Ce que vous devez vous rappeler, c’est que ces mots vous ont probablement été dits par des personnes qui ont bénéficié de votre sacrifice et de votre haine de vous-même. Il n’y a rien de mal à exprimer vos propres besoins, désirs et souhaits ou à vous fixer et à atteindre des objectifs qui vous permettraient de mener une vie pleine et entière. C’est en faisant ces choses que vous devenez le meilleur de vous-même et que vous êtes mieux à même d’aider les autres de manière significative.

Une fois que j’ai commencé à m’aimer, ma vie a commencé à se transformer. J’ai commencé à fixer des limites saines avec les gens, et les relations dans ma vie ont commencé à changer. Les gens qui étaient dans ma vie pour m’utiliser comme un outil sont tombés, et bien que j’étais triste de perdre ces soi-disant amitiés, j’ai commencé à attirer des relations réciproques. Dans les situations sociales, on m’a écouté et mes opinions ont été respectées et valorisées pour la première fois de ma vie !

J’ai commencé à me faire une idée claire de mes objectifs et de mes besoins, et j’ai commencé à me comprendre comme jamais auparavant.

Quand on grandit avec des abus sous quelque forme que ce soit, on n’apprend pas qui on est. Au lieu de cela, l’agresseur vous donne un récit égoïste et subordonné de vous-même qui reflète ce qu’il est et qui sert ses propres besoins égoïstes. Si vous vous accrochez à ce récit, vous ne pourrez jamais être pleinement vous-même ou être à la hauteur de votre vie potentielle, car vous êtes obligé d’être aveugle à vos propres besoins et à vos propres forces.

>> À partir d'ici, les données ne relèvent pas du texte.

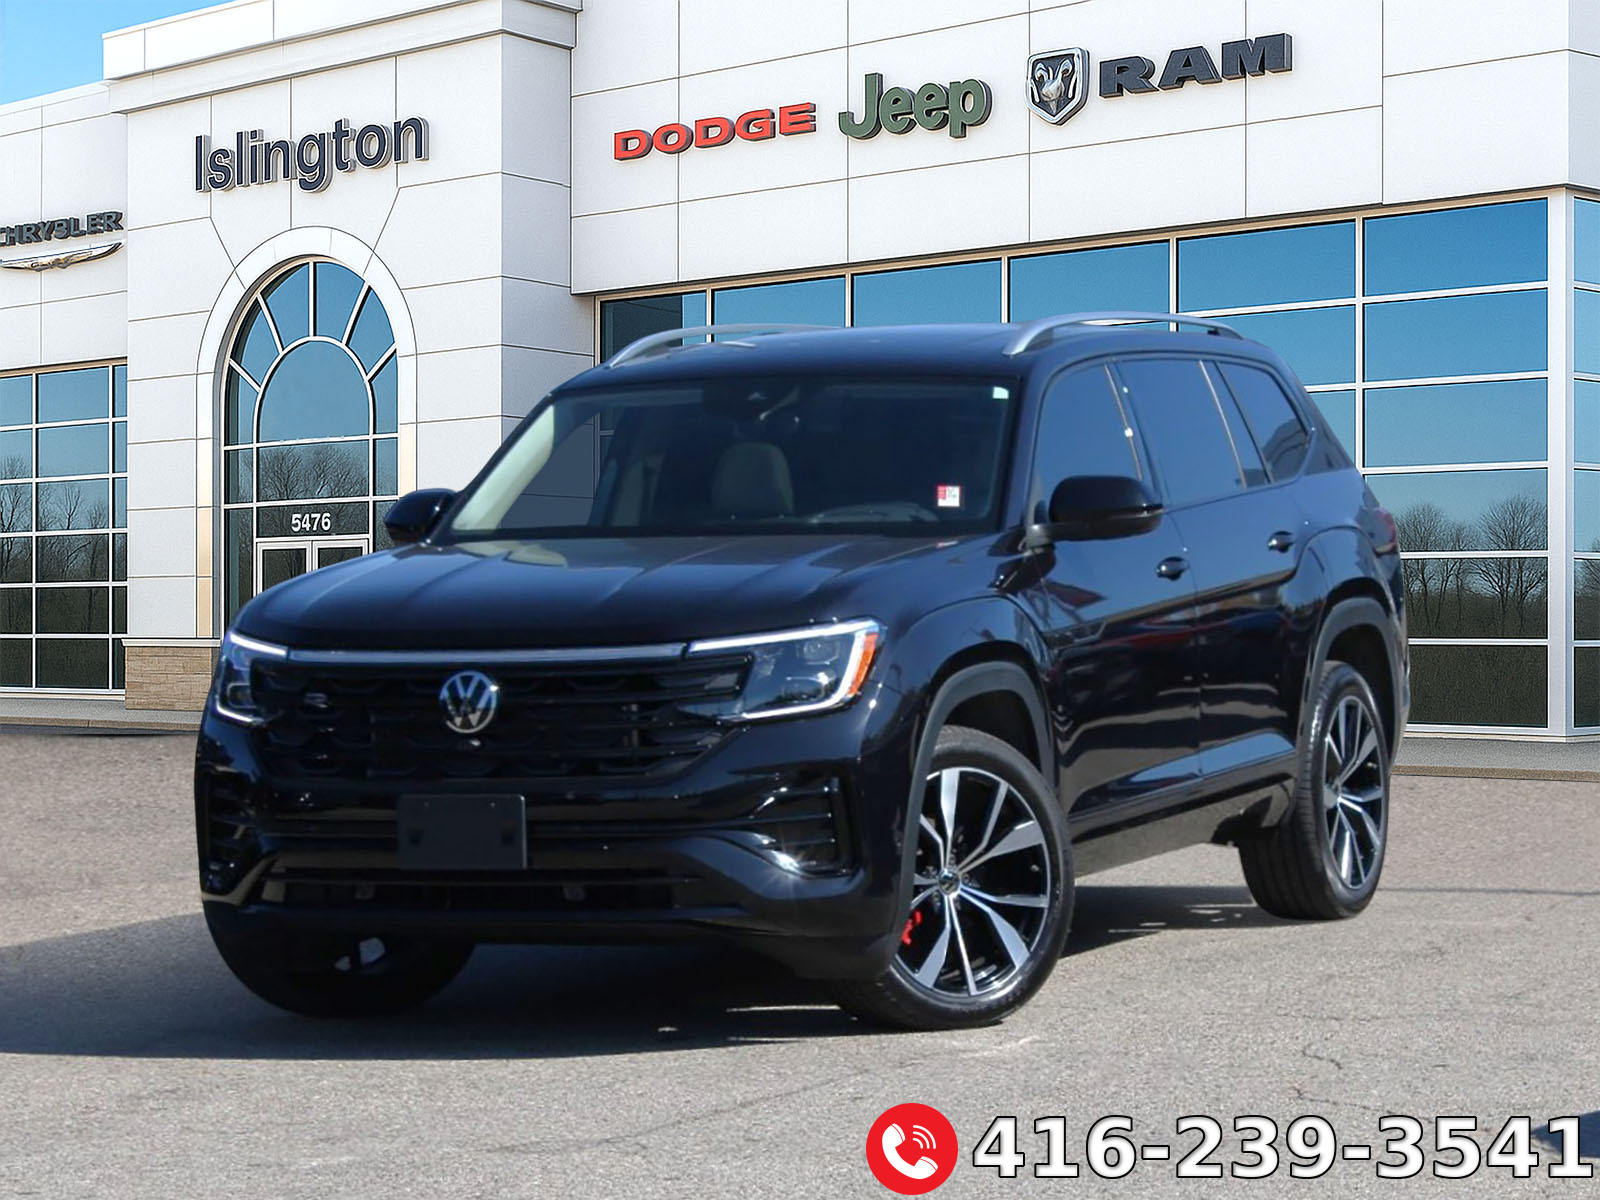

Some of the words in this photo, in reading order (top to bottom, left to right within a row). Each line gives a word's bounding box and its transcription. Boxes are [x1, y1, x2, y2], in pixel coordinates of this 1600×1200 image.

Une fois que j’ai consciemment choisi de laisser tomber les récits passés des autres, j’étais libre. Cela ne signifiait pas que j’étais aveugle à mes défauts ou que je me sentais en droit, arrogant ou important. Cela signifiait que j’embrassais mes forces, que j’étais compatissant envers moi-même lorsque je faisais des erreurs, que j’étais conscient de mes besoins et que je me donnais la permission de me reposer et de réfléchir lorsque j’en avais besoin.

J’ai appris que l’amour de soi est un processus. Pour moi, ce processus consiste à mettre par écrit ce que j’aime chez moi, mes réalisations passées dont je suis fier, ce pour quoi je suis bon, ce dont j’ai besoin dans mes relations et mon environnement de travail.

Cela signifiait avoir le courage de quitter les relations avec des personnes qui ne me respectent pas, y compris les membres de ma propre famille.

Il s’agissait de me préparer à la réussite et au bonheur en m’appuyant sur mes points forts tout en me permettant de m’épanouir.

J’ai obtenu ma maîtrise, commencé mon doctorat, rejoint une équipe de natation de compétition, aidé mes étudiants et mes amis de manière significative et noué des relations constructives avec des personnes partageant les mêmes idées. J’ai pris des risques qui ont conduit à des récompenses que je n’aurais jamais pu imaginer. Mon propos n’est pas de me vanter, mais d’illustrer que si je n’avais pas appris à m’aimer, je n’aurais pas pu accomplir ces choses.

Laissez tomber les récits qui ne vous servent plus, faites ce que vous aimez, croyez en vos capacités, et sachez que quelqu’un vous aimera pour vous ! L’amour de soi est un choix et j’espère que vous le choisirez à la Saint-Valentin et pour toujours.